My fear was that she might be quarantined in Rome, unable to return to France; but she did get out just in time – only to find on her return that the University of Lyon had shut down. Months earlier her parents had arranged to meet her in Lyon for a fortnight before doing a bit of touring themselves.
Their travel agency made many last-minute changes (this was at the height of the volatile flight situation), and when they were informed only the afternoon before that their flight had once again been amended to early the following morning but could not be confirmed, my daughter immediately cancelled their booking – a fortuitous move, as it turned out, because Eliza managed to secure a flight back to Melbourne in the meantime and arrived home the next day.
I can only be grateful that my own overseas travelling days are over. At times like these, truly there’s no place like home!!

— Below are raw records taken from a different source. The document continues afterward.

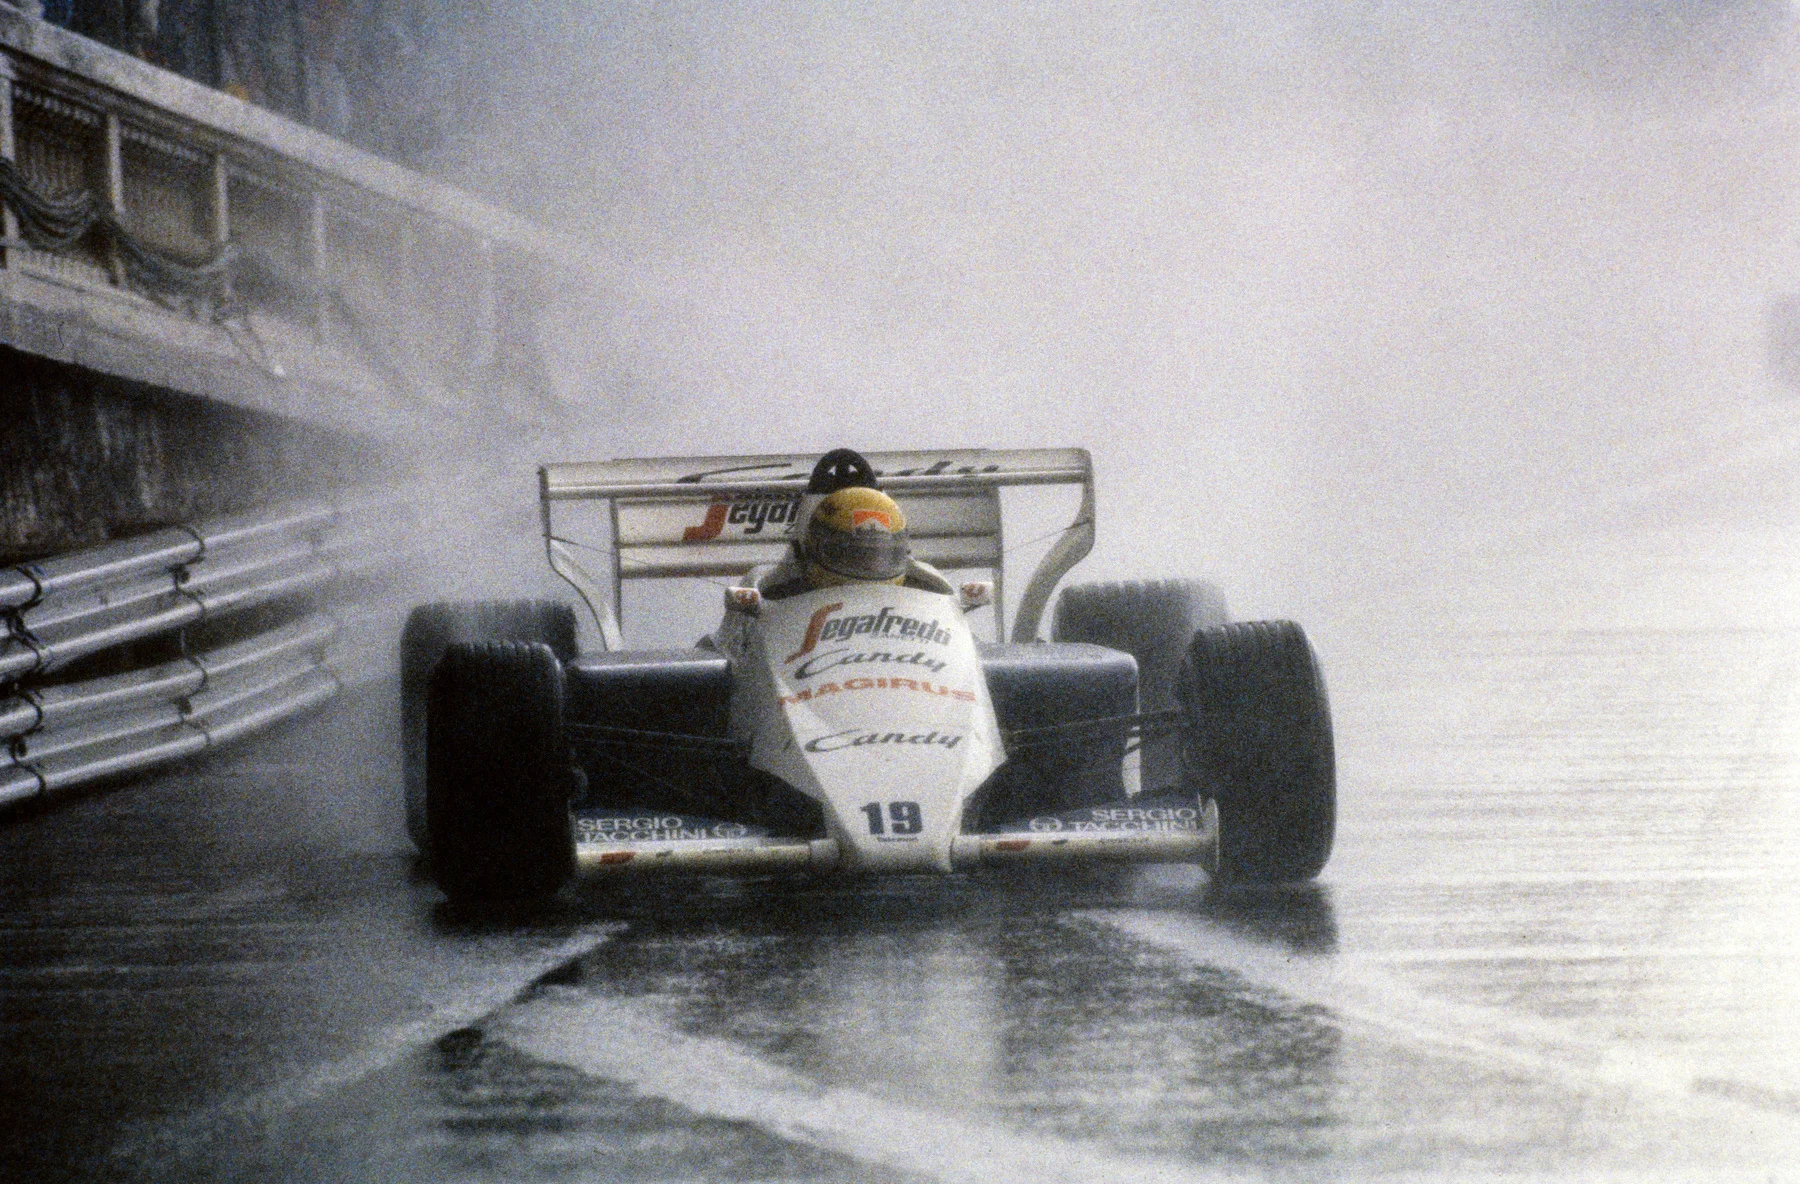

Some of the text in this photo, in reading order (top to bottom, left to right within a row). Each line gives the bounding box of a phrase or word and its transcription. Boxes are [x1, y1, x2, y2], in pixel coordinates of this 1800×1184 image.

[785, 602, 951, 664] Segafredo
[795, 649, 947, 680] Candy
[778, 677, 976, 705] MAGIRUS
[805, 729, 963, 753] Candy
[577, 816, 683, 832] SERGIO
[860, 801, 923, 835] 19
[1069, 821, 1198, 832] TACCHINI
[1091, 808, 1196, 821] SERGIO
[578, 828, 706, 842] TACCHINI

While we have been bemoaning the cancellation of overseas travel this year, there have been many positives too. Our families have been finding joy even in self isolation.

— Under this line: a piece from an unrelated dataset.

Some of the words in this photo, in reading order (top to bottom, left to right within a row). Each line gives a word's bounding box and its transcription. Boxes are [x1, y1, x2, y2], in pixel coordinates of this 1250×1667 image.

My daughter said she happened to glance into Eliiza’s room while going past, to see her dressed in a sombrero and flamenco outfit brought back from previous holidays, playing her saxophone and simultaneously executing some interesting hip-swivelling dance moves!
Now that her time in isolation is at an end, she and her siblings celebrated yesterday, sitting around and opening the gifts she’d brought them from France. Her video post showed them all dressed in Christmas jumpers – the spirit of Noel well and alive at Easter time! – although I did also observe quite a few chocolate bunnies and eggs along with other treats filling the festive tray in front of them. Ah well, any time is party time in Oz!

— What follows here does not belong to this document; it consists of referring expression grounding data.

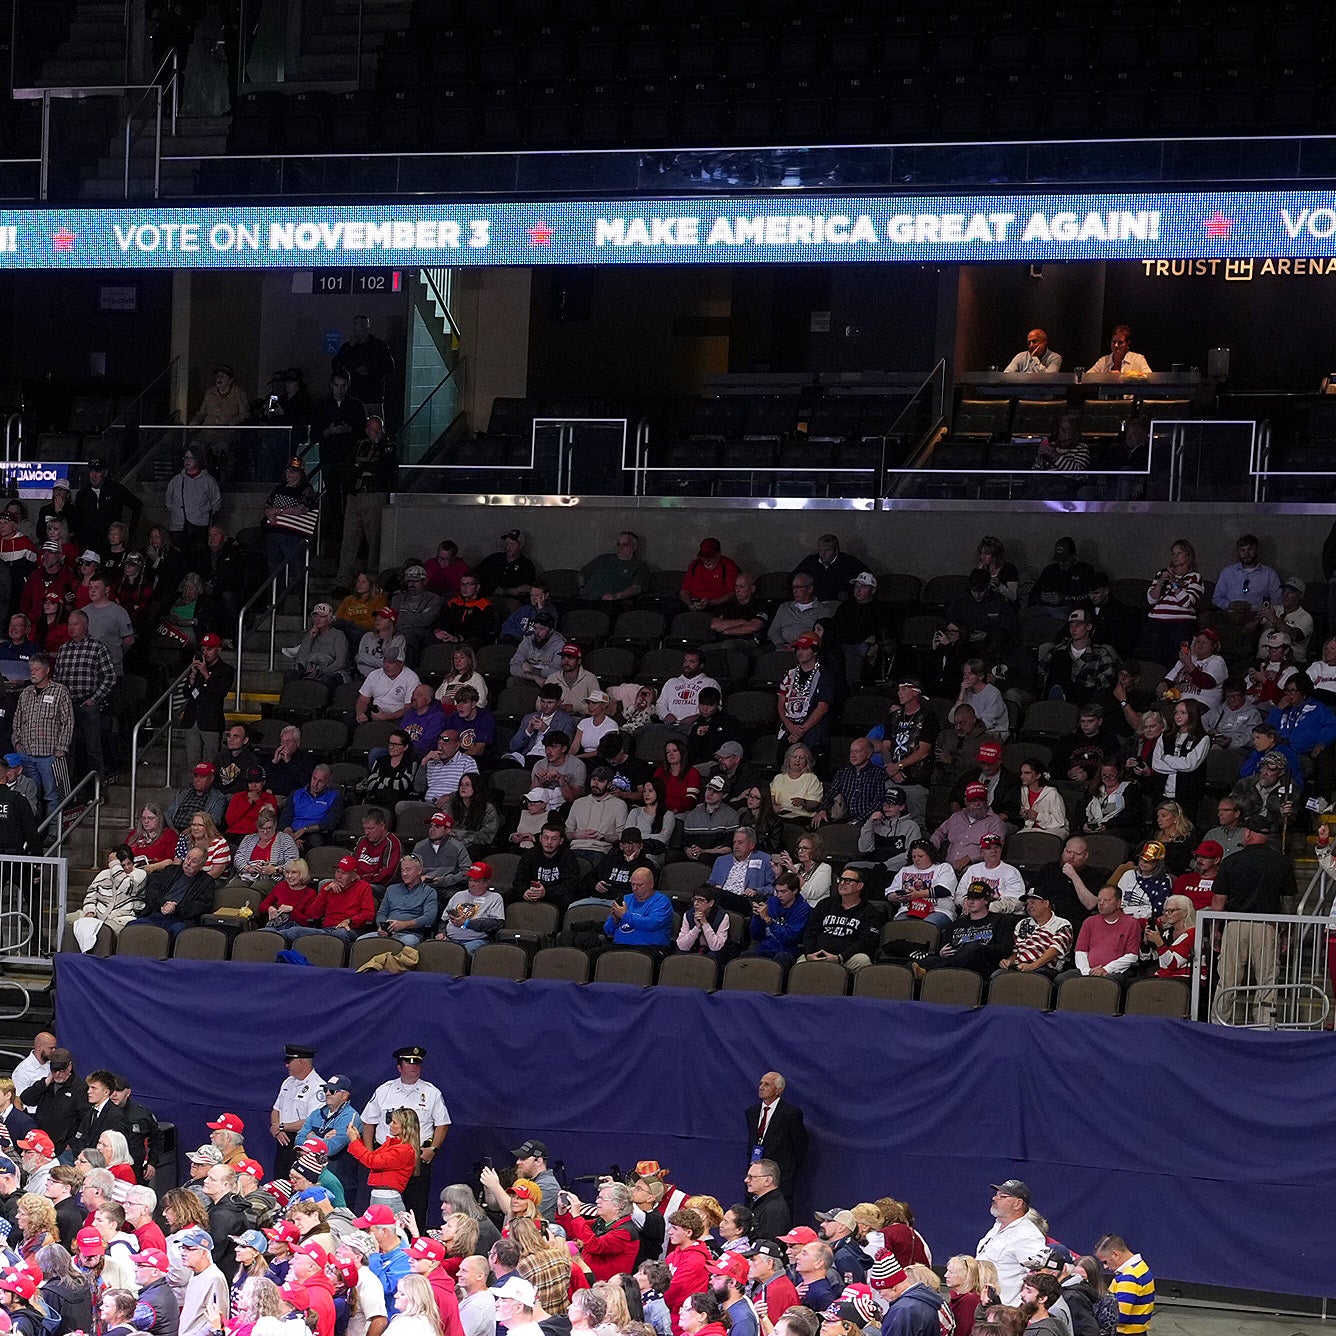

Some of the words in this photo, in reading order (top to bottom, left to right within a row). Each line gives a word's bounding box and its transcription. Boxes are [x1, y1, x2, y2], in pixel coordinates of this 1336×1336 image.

[114, 224, 201, 251] VOTE
[209, 224, 260, 251] ON
[269, 220, 462, 251] NOVEMBER
[468, 219, 489, 248] 3
[596, 217, 699, 247] MAKE
[707, 215, 878, 245] AMERICA
[887, 213, 1016, 243] GREAT
[1023, 211, 1160, 240] AGAIN!
[1142, 259, 1221, 276] TRUIST
[1260, 258, 1336, 275] ARENA
[320, 277, 343, 290] 101
[360, 277, 385, 290] 102
[157, 624, 168, 636] NO
[822, 915, 861, 930] WRIGLEY

With social gathering prohibited, our family have been communicating via WhatsApp, with apt GIFs being exchanged with much hilarity. Today we’re all going to hook up via a brunch-time video call. Dress code: “Come as you are”; I intend staying in pyjamas!
And always, everywhere, there is a spirit of generosity and goodwill. One daughter who lives nearby has been doing my grocery shopping so I don’t have to leave home. Neighbours are constantly enquiring if we are okay and offering their help.
Our parish church has been emailing the Mass Readings, and even though I’m sorry I won’t be able to participate physically in Easter services, I’ve been hearing a televised Mass each Sunday. A copy of the Bible sitting near my computer is also being opened more frequently these days!
We’re not faring too badly in Australia, with government rolling out enormous benefits. At the time of writing, social security recipients will soon receive an additional $1500; working parents are entitled to free child care; for six months, an extra $550 per fortnight is being paid to “recipients of JobSeeker Payment, Parenting Payment Partnered, Parenting Payment Single, Sickness Allowance, Farm Household Allowance, Special Benefit, Widow Allowance, Partner Allowance, Youth Allowance for job seekers and students, ABSTUDY and AUSTUDY” – you name it.
We really are being looked after in a non-partisan manner, with all political parties standing together in an uncharacteristic demonstration of unity.
COVID-19 then, has brought out the best in us – albeit there have been a few demonstrations of “the worst in us” behaviour too, mainly panic buying and blatant flouting of social distancing introduced to contain the pandemic.
By and large, however, I have to say Australians are proving model citizens – and we in our own family are patiently biding our time till we can resume our favourite leisure activity – up, up and away!